> PROBLEM STATEMENT: Pictures stay out of the copy. Retype exactly the lines below from the one with "this 1246×1661 image." through the one with "Some of the words".
[RECORDS TO USE Boundary: Start]
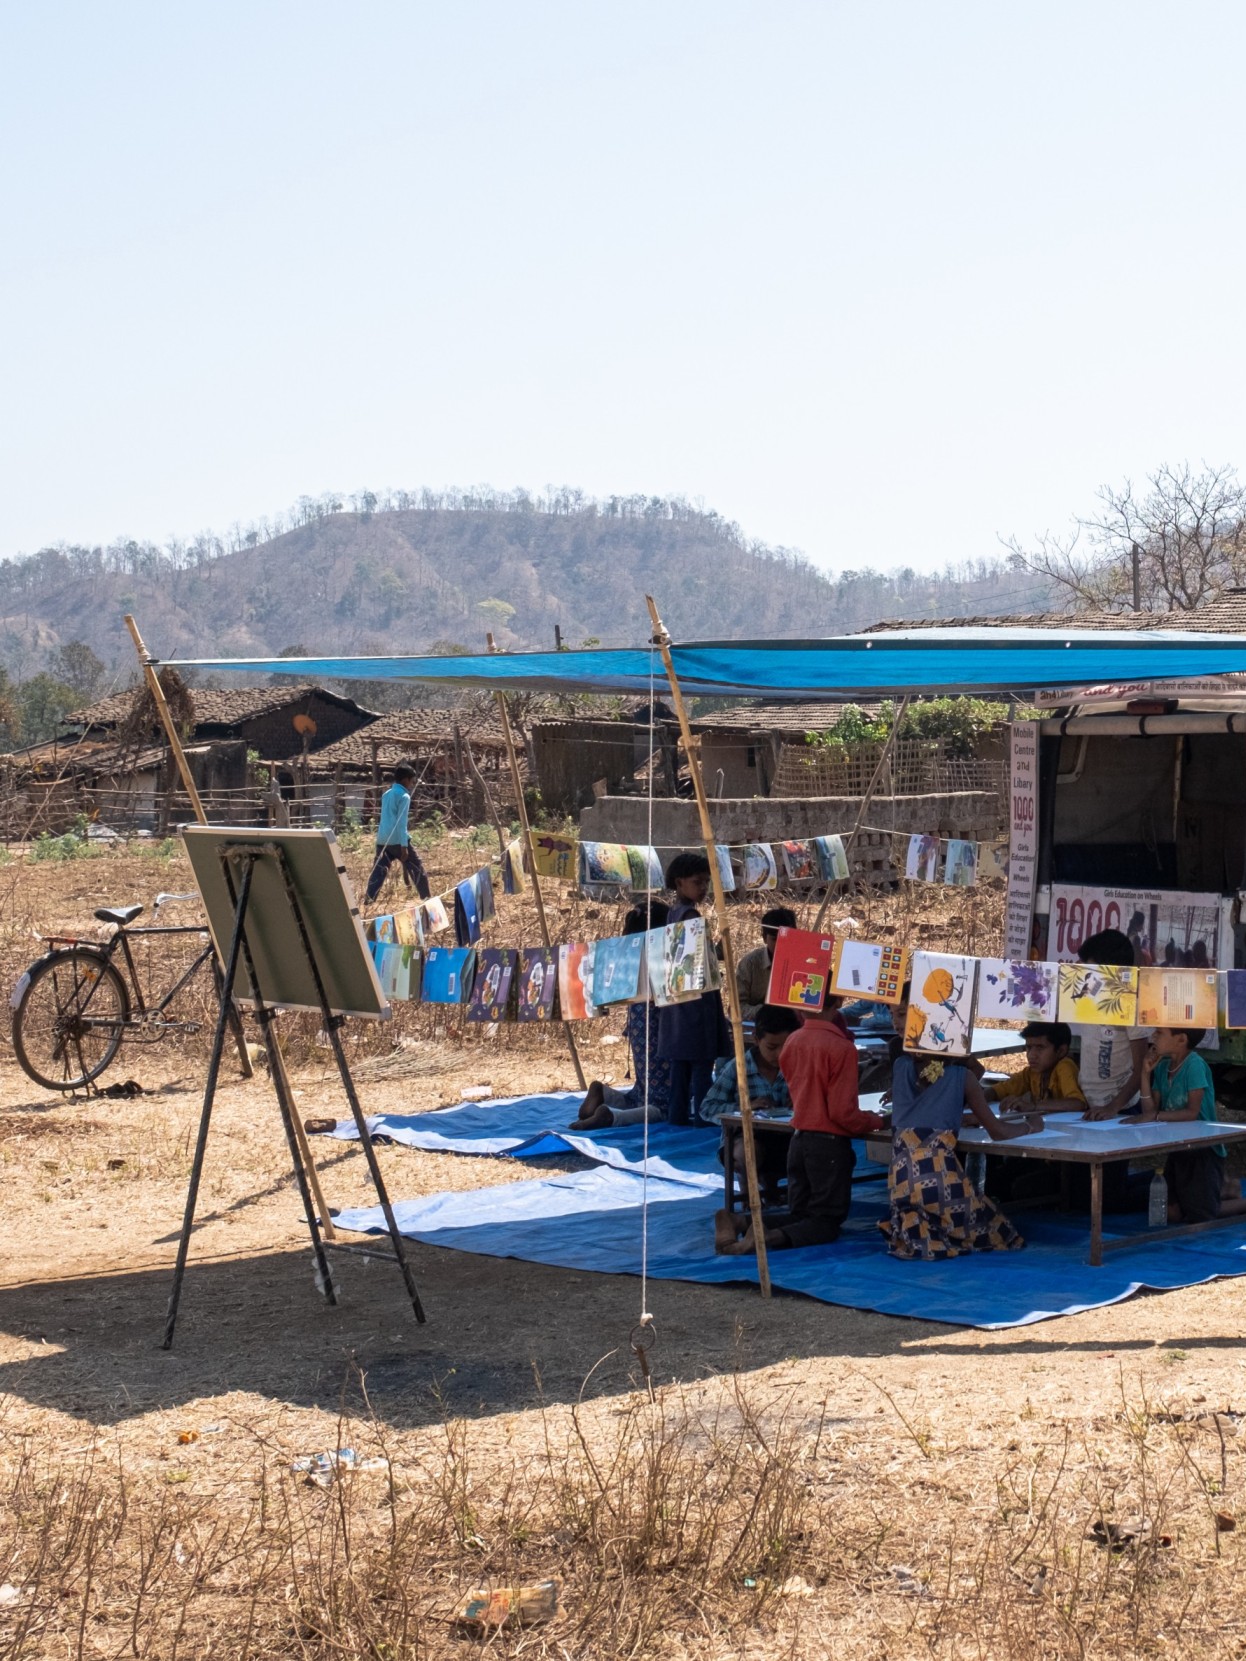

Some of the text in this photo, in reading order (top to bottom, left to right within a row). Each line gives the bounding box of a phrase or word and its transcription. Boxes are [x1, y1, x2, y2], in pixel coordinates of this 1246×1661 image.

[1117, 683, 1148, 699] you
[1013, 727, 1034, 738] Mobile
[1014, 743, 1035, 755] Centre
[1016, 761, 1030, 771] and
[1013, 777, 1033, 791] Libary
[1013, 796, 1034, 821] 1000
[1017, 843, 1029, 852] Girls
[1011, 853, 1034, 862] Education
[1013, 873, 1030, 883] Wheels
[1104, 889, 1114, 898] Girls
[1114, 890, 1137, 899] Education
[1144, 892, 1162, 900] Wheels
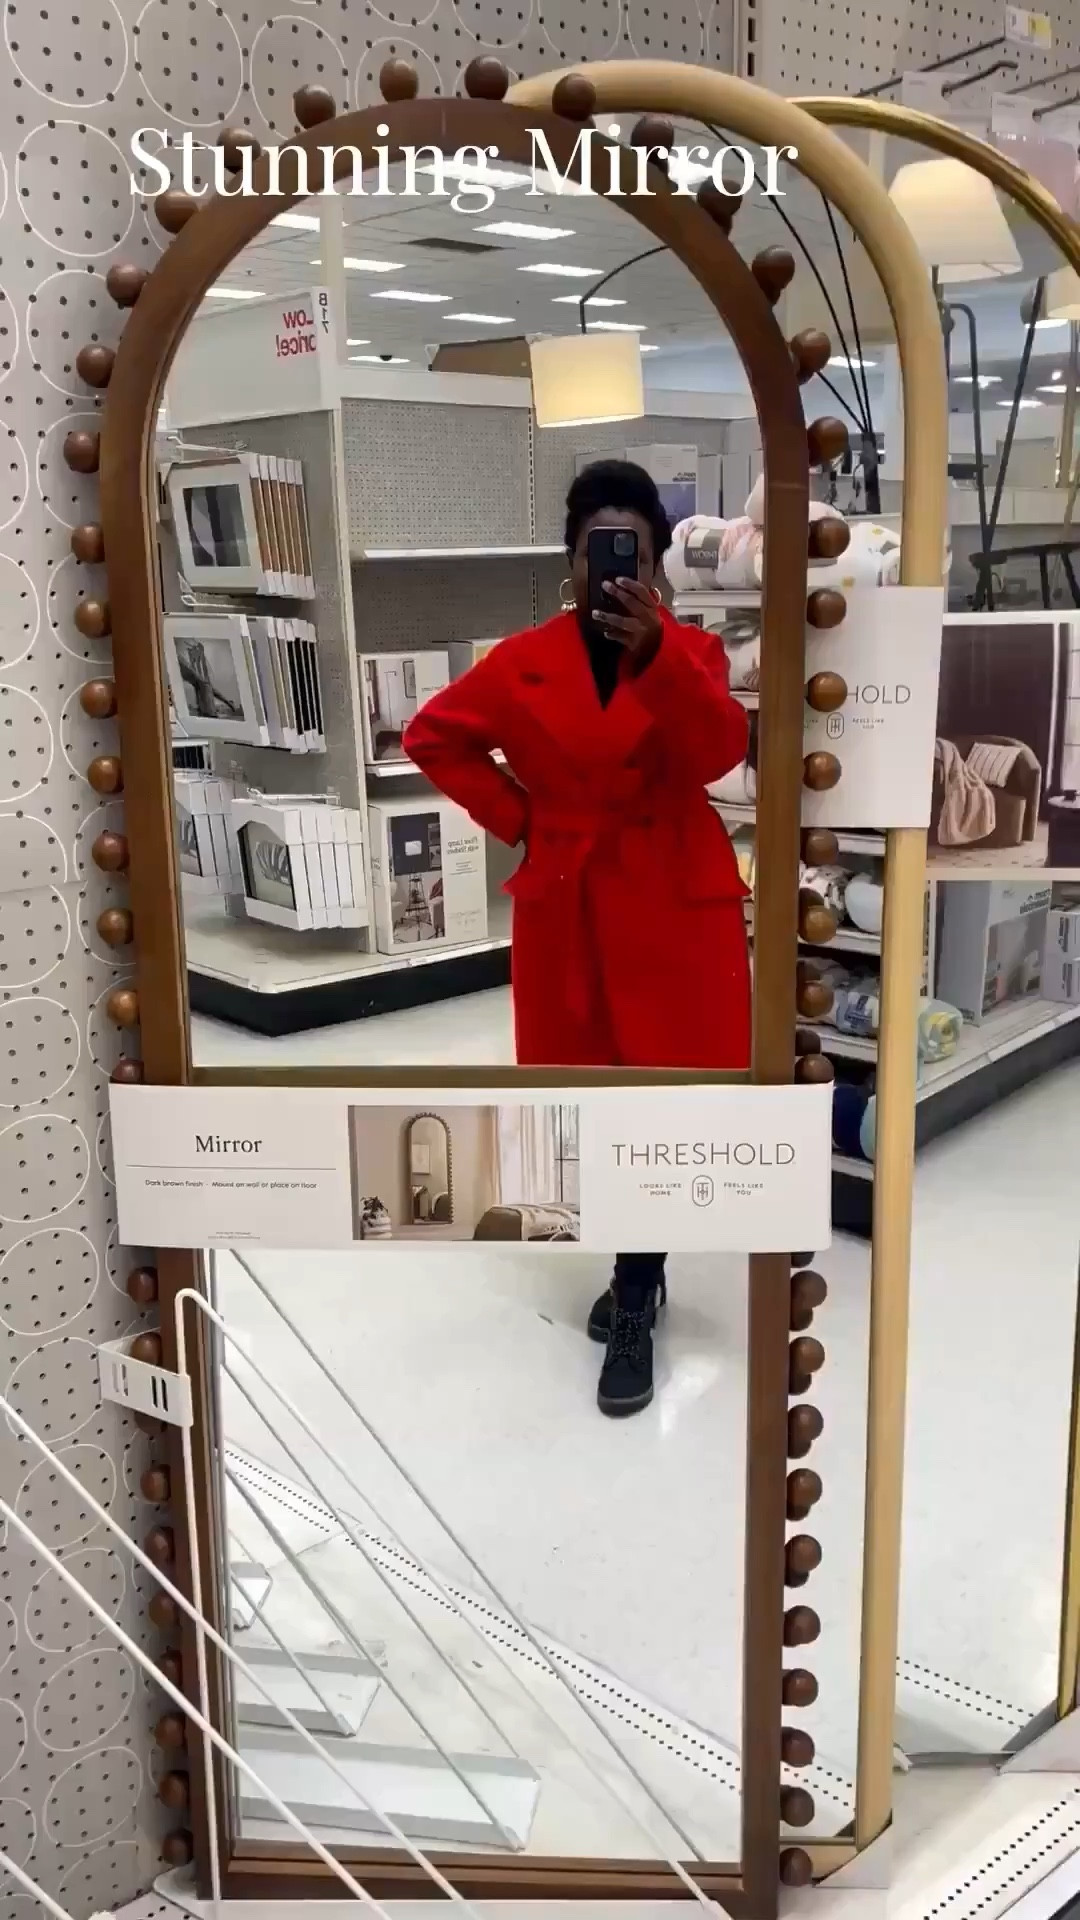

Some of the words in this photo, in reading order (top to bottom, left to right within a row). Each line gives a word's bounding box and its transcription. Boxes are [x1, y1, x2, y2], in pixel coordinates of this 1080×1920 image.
[RECORDS TO USE Boundary: End]
[RECORDS TO USE Boundary: Start]
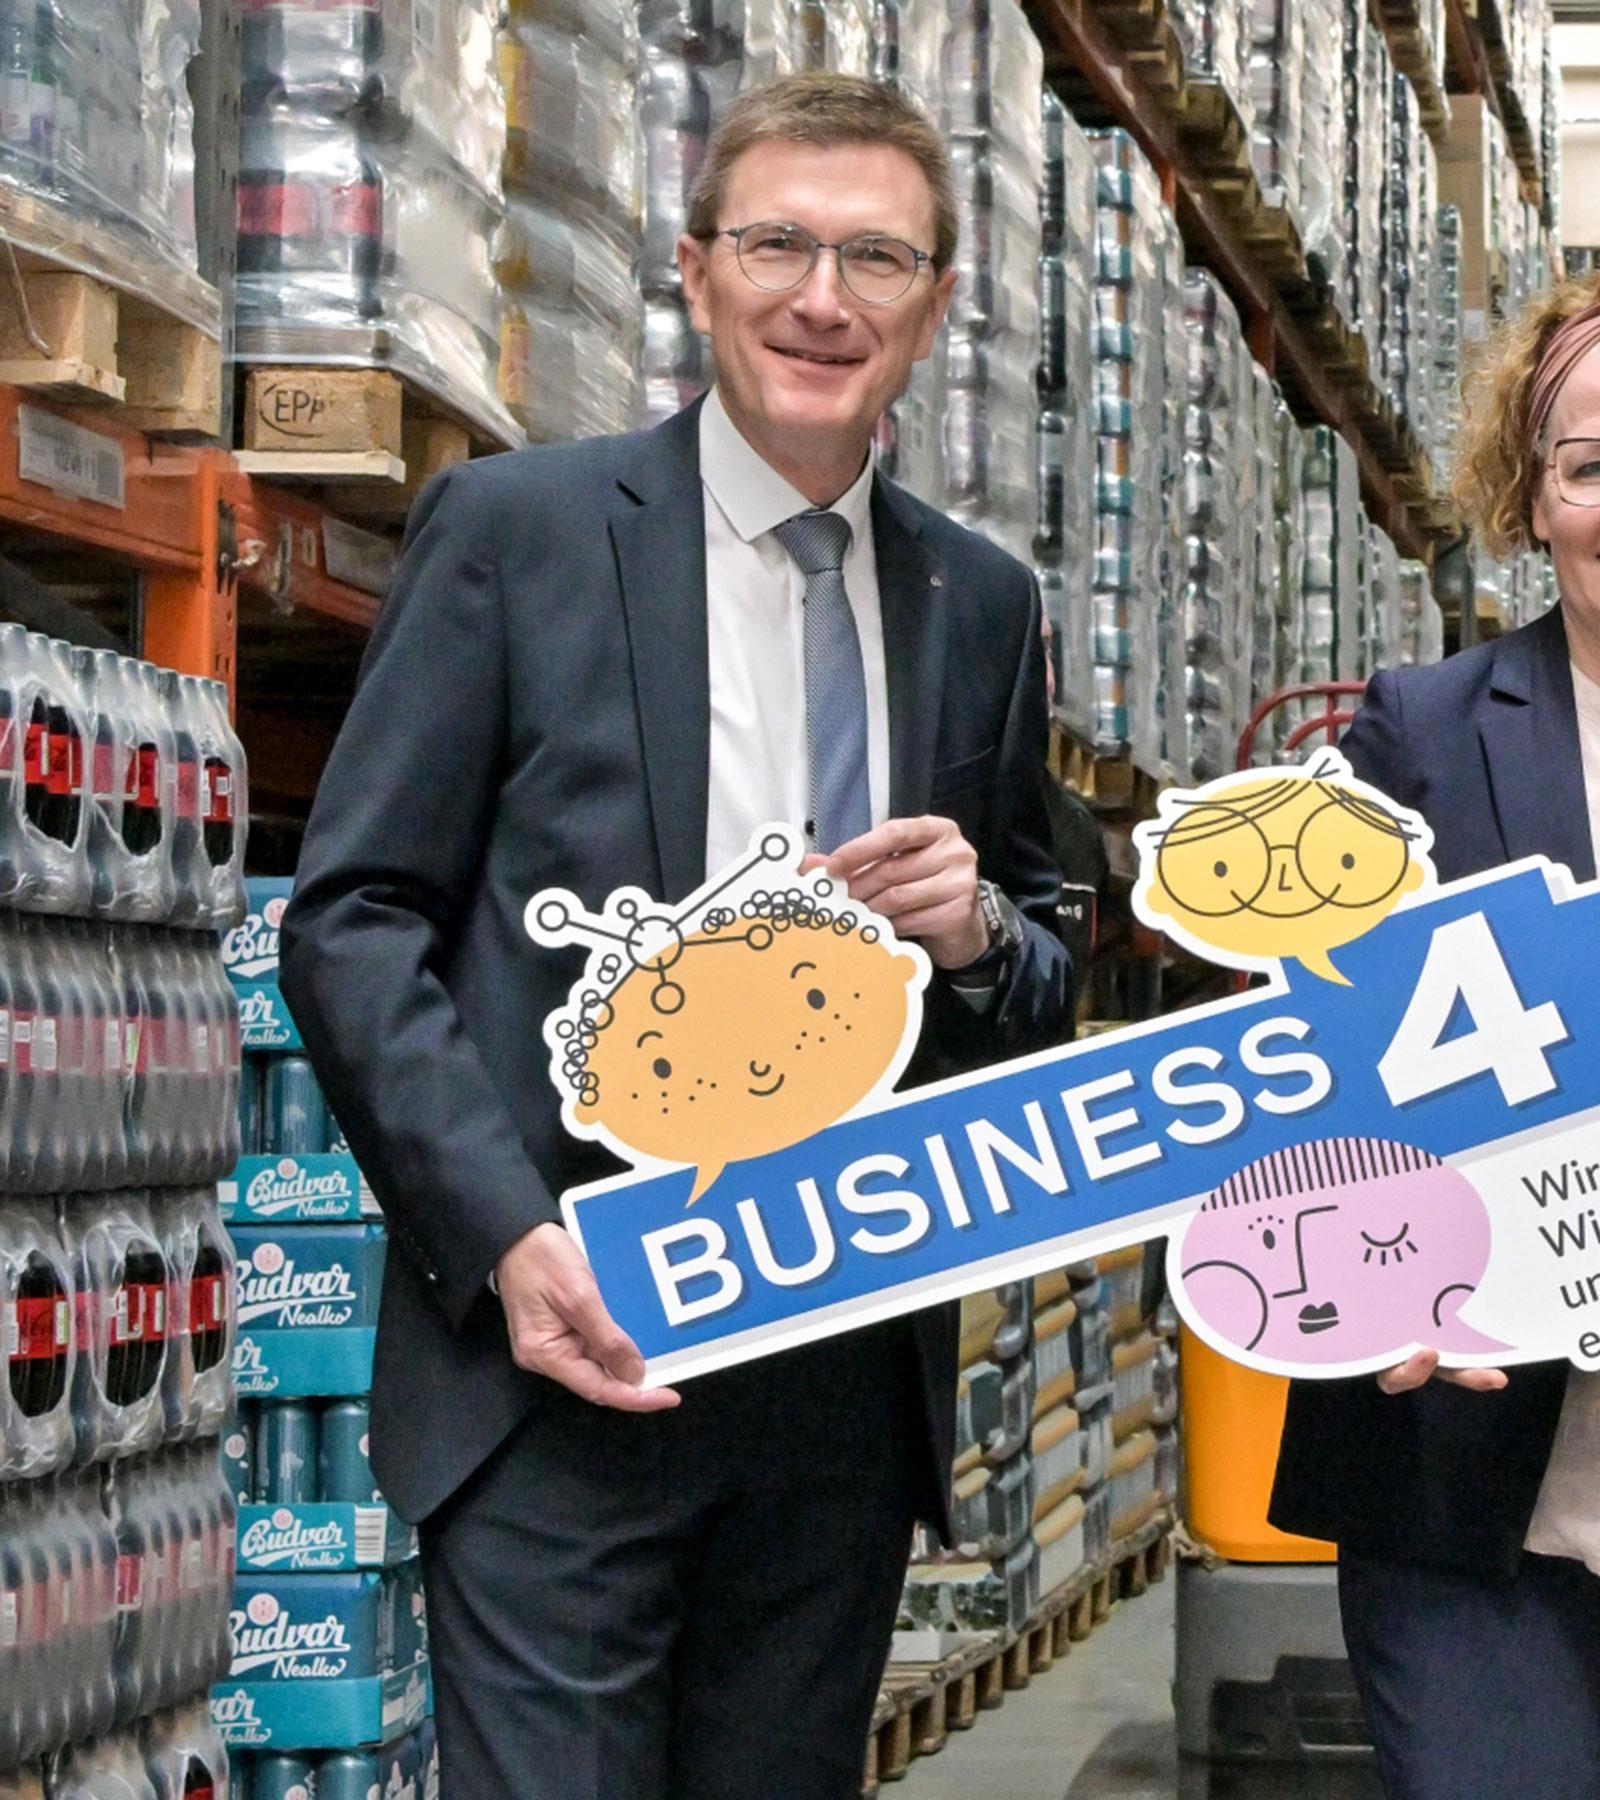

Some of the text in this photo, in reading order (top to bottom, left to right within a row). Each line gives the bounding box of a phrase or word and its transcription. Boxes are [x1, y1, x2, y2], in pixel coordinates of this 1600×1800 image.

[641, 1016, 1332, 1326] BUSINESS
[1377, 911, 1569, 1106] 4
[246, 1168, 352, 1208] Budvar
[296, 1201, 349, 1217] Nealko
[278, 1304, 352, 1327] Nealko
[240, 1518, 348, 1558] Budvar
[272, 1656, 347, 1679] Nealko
[RECORDS TO USE Boundary: End]
> ANSWER TO THE EXERCISE:
Some of the text in this photo, in reading order (top to bottom, left to right within a row). Each line gives the bounding box of a phrase or word and its transcription. Boxes are [x1, y1, x2, y2], in pixel coordinates of this 1246×1661 image.

[1117, 683, 1148, 699] you
[1013, 727, 1034, 738] Mobile
[1014, 743, 1035, 755] Centre
[1016, 761, 1030, 771] and
[1013, 777, 1033, 791] Libary
[1013, 796, 1034, 821] 1000
[1017, 843, 1029, 852] Girls
[1011, 853, 1034, 862] Education
[1013, 873, 1030, 883] Wheels
[1104, 889, 1114, 898] Girls
[1114, 890, 1137, 899] Education
[1144, 892, 1162, 900] Wheels

Some of the words in this photo, in reading order (top to bottom, left to right within a row). Each line gives a word's bounding box and its transcription. Boxes are [x1, y1, x2, y2], in pixel coordinates of this 1080×1920 image.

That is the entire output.